▼
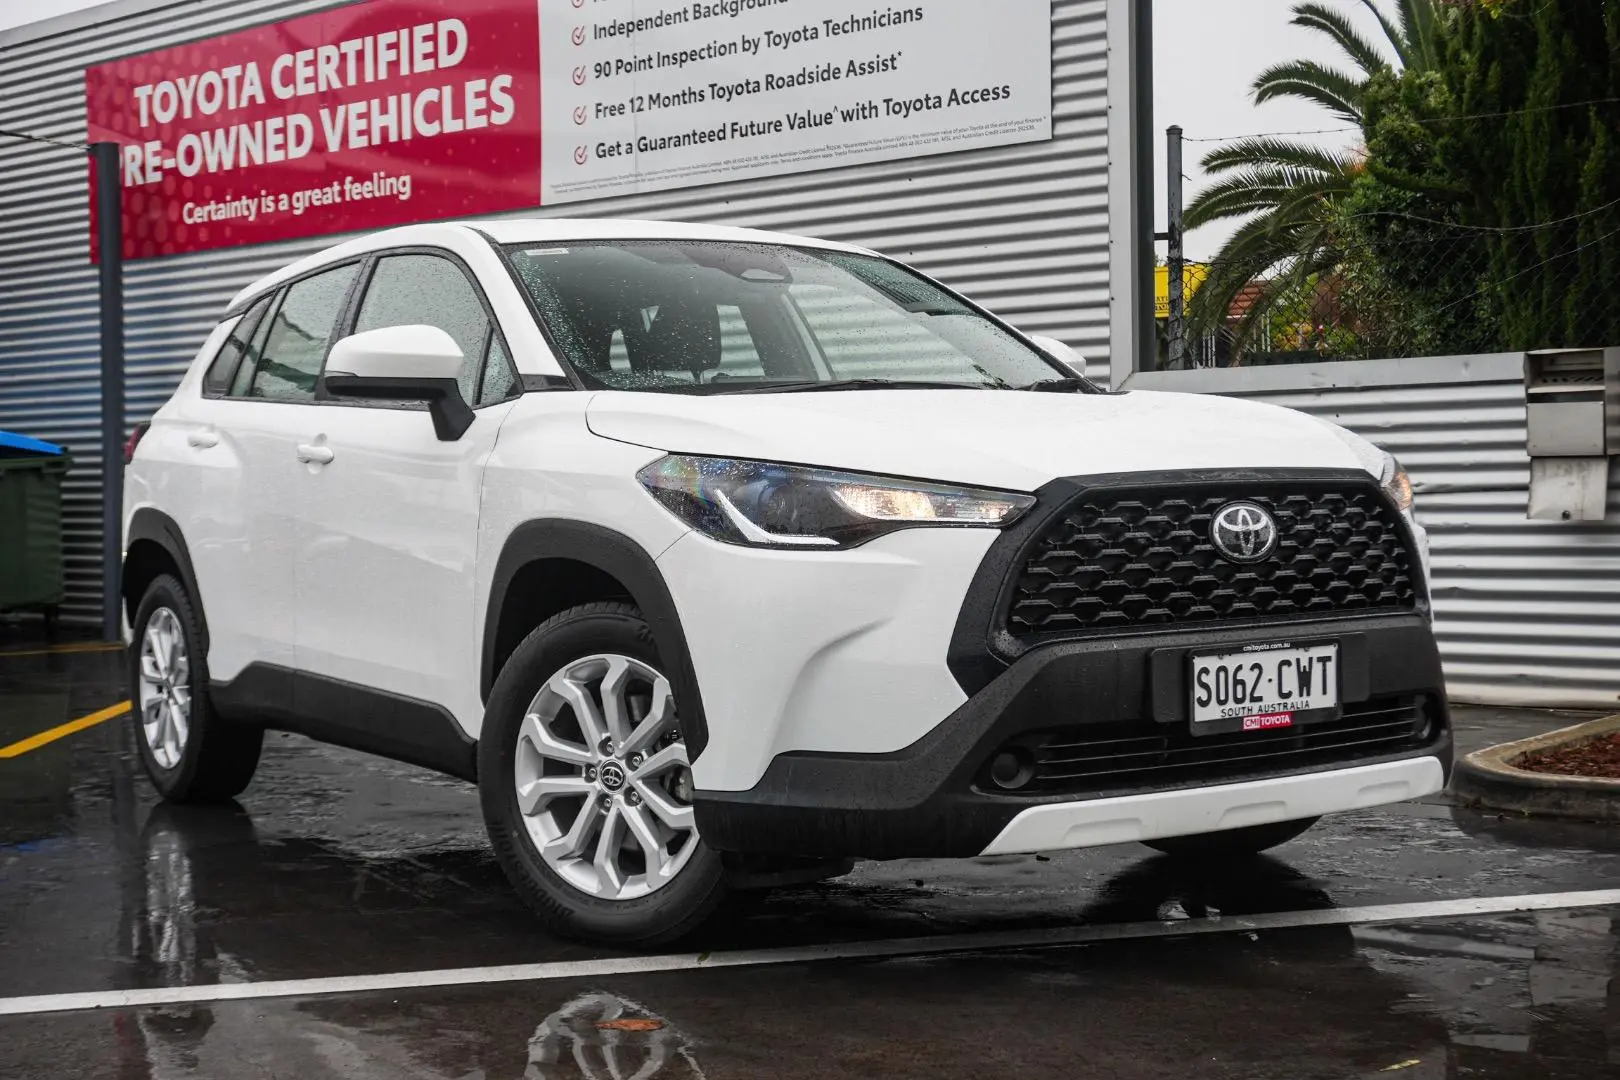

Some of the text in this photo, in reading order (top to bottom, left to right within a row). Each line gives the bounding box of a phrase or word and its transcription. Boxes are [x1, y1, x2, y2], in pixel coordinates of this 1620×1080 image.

[594, 8, 689, 39] Independent
[594, 6, 923, 79] 90 Point Inspection by Toyota Technicians
[134, 18, 468, 128] TOYOTA CERTIFIED
[595, 102, 625, 118] Free
[629, 95, 645, 113] 12
[649, 87, 706, 110] Months
[709, 79, 761, 102] Toyota
[766, 63, 842, 91] Roadside
[120, 74, 515, 187] RE-OWNED VEHICLES
[596, 141, 623, 158] Get
[626, 142, 633, 155] a
[637, 122, 727, 153] Guaranteed
[731, 119, 783, 140] Future
[841, 100, 879, 122] with
[883, 93, 943, 118] Toyota
[947, 85, 1011, 107] Access
[183, 172, 411, 225] Certainty is a great feeling
[1220, 700, 1311, 718] SOUTH AUSTRALIA
[1260, 714, 1291, 726] TOYOTA
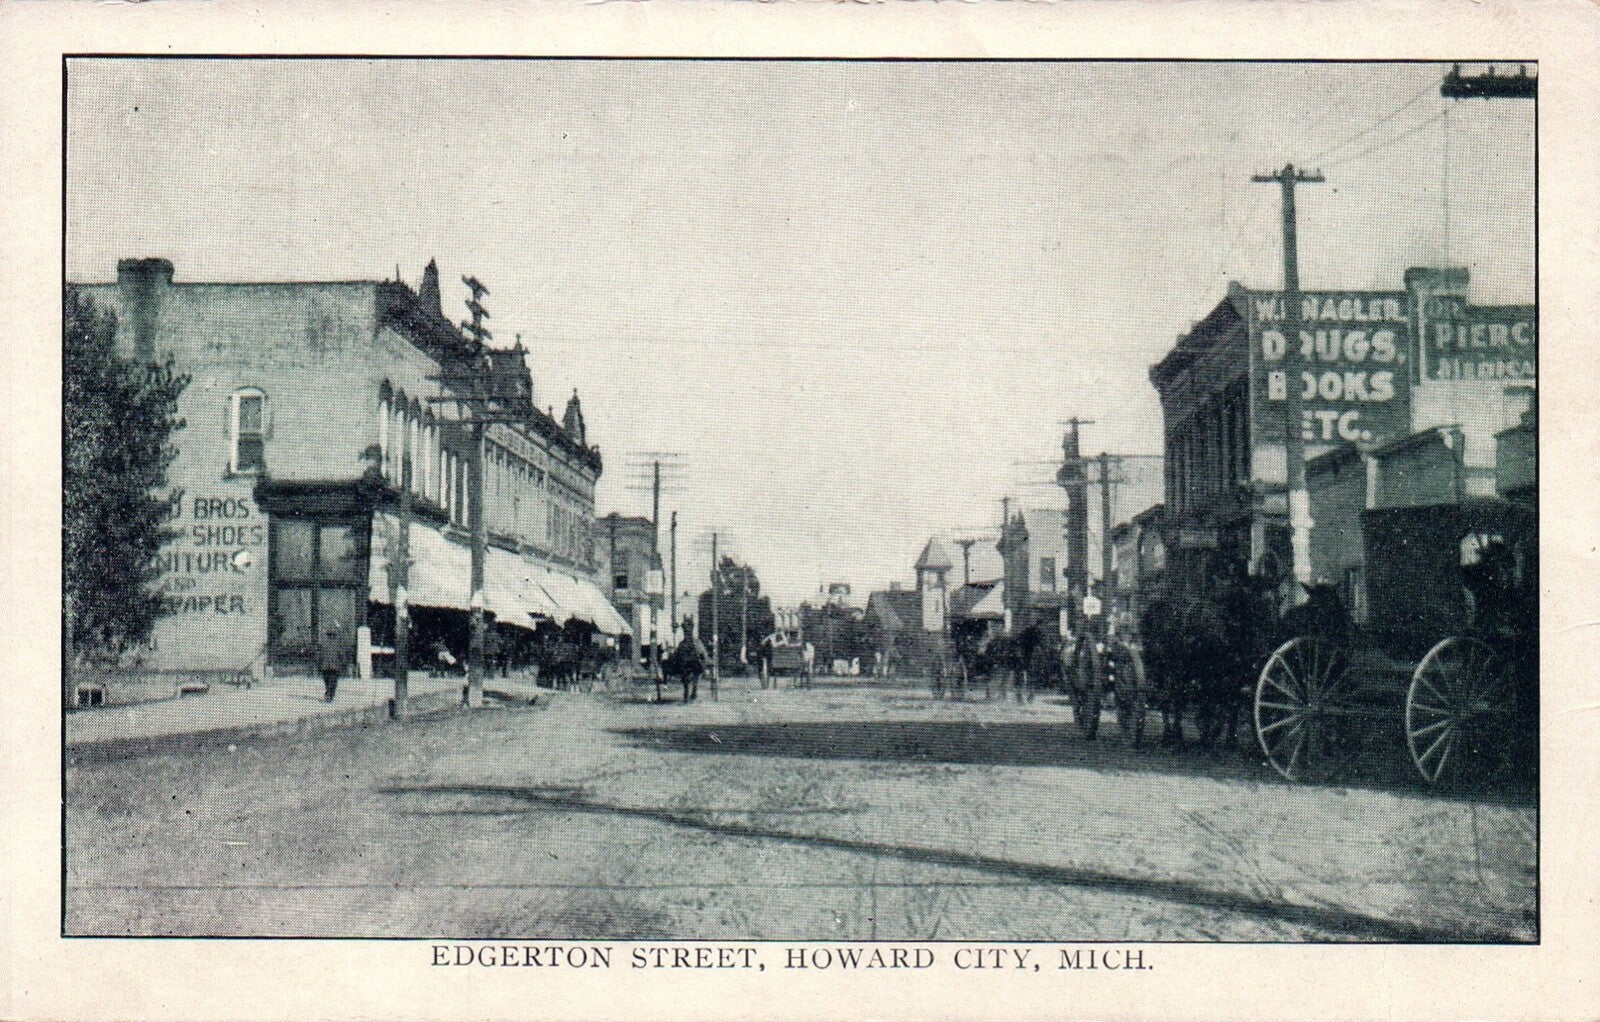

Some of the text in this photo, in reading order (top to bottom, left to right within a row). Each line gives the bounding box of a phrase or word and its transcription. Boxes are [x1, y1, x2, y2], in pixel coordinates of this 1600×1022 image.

[1269, 370, 1396, 402] BOOKS
[1302, 409, 1372, 442] ETC.
[192, 525, 264, 547] SHOES
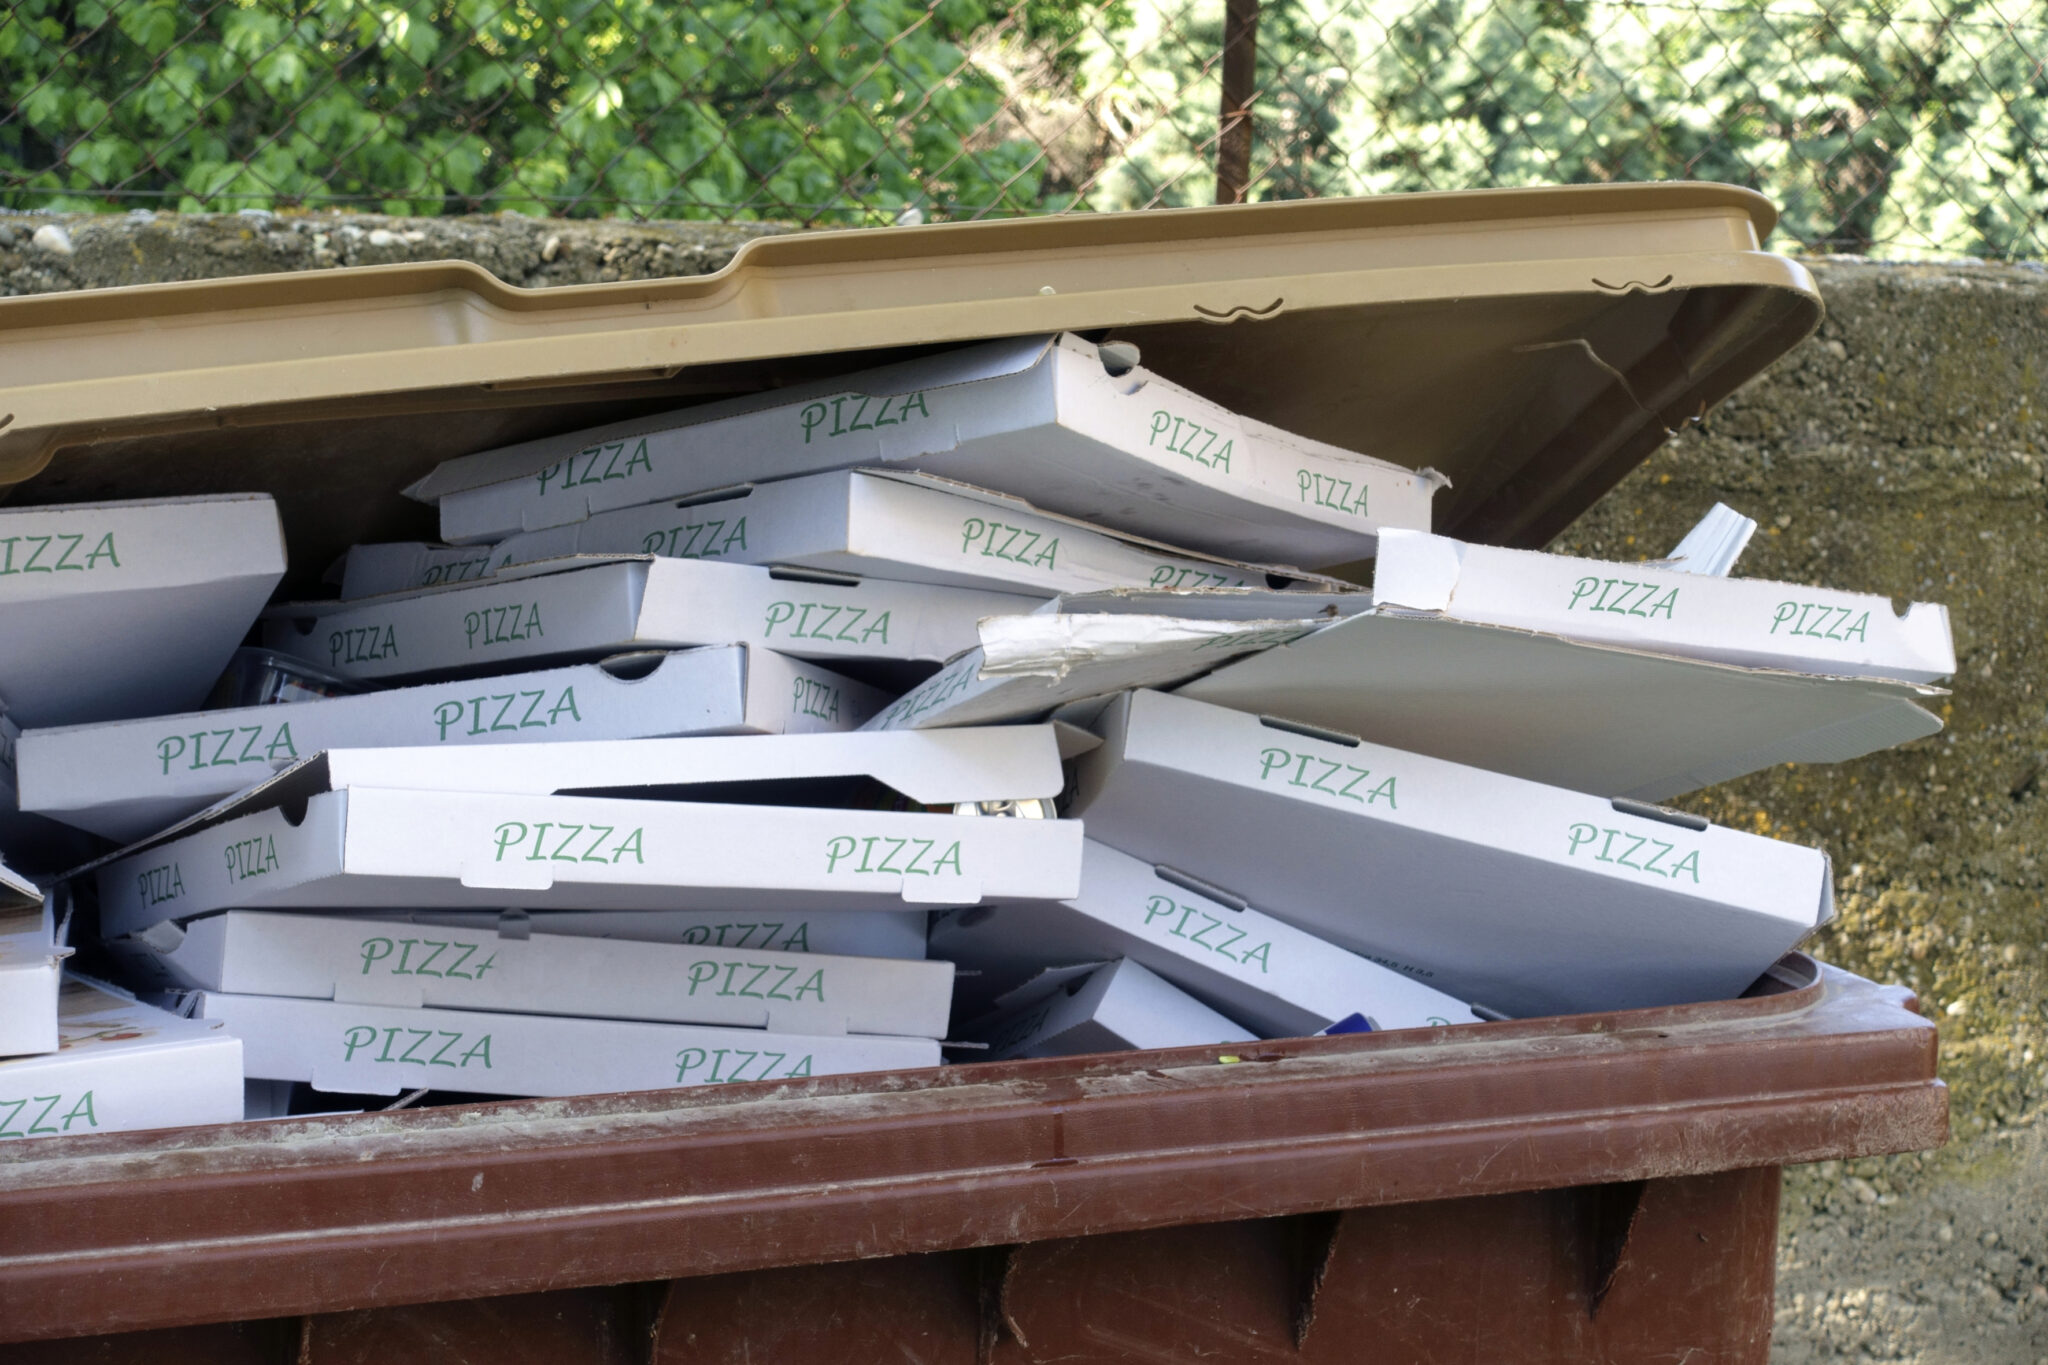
▲
→ **REQUIRED ACTION**:
The entries are to be restated word for word, and no picture should appear in the copy.

→ **ANSWER TO THE EXERCISE**:
Some of the text in this photo, in reading order (top to bottom, left to right within a row). Each line gives the bounding box of a phrase or word and its transcription. Boxes are [x1, y1, x2, y2], in pixel coordinates of this 1620×1080 image.

[594, 8, 689, 39] Independent
[594, 6, 923, 79] 90 Point Inspection by Toyota Technicians
[134, 18, 468, 128] TOYOTA CERTIFIED
[595, 102, 625, 118] Free
[629, 95, 645, 113] 12
[649, 87, 706, 110] Months
[709, 79, 761, 102] Toyota
[766, 63, 842, 91] Roadside
[120, 74, 515, 187] RE-OWNED VEHICLES
[596, 141, 623, 158] Get
[626, 142, 633, 155] a
[637, 122, 727, 153] Guaranteed
[731, 119, 783, 140] Future
[841, 100, 879, 122] with
[883, 93, 943, 118] Toyota
[947, 85, 1011, 107] Access
[183, 172, 411, 225] Certainty is a great feeling
[1220, 700, 1311, 718] SOUTH AUSTRALIA
[1260, 714, 1291, 726] TOYOTA

Some of the text in this photo, in reading order (top to bottom, left to right within a row). Each line gives the bounding box of a phrase or word and its transcription. Boxes are [x1, y1, x2, y2], in pixel coordinates of this 1600×1022 image.

[1269, 370, 1396, 402] BOOKS
[1302, 409, 1372, 442] ETC.
[192, 525, 264, 547] SHOES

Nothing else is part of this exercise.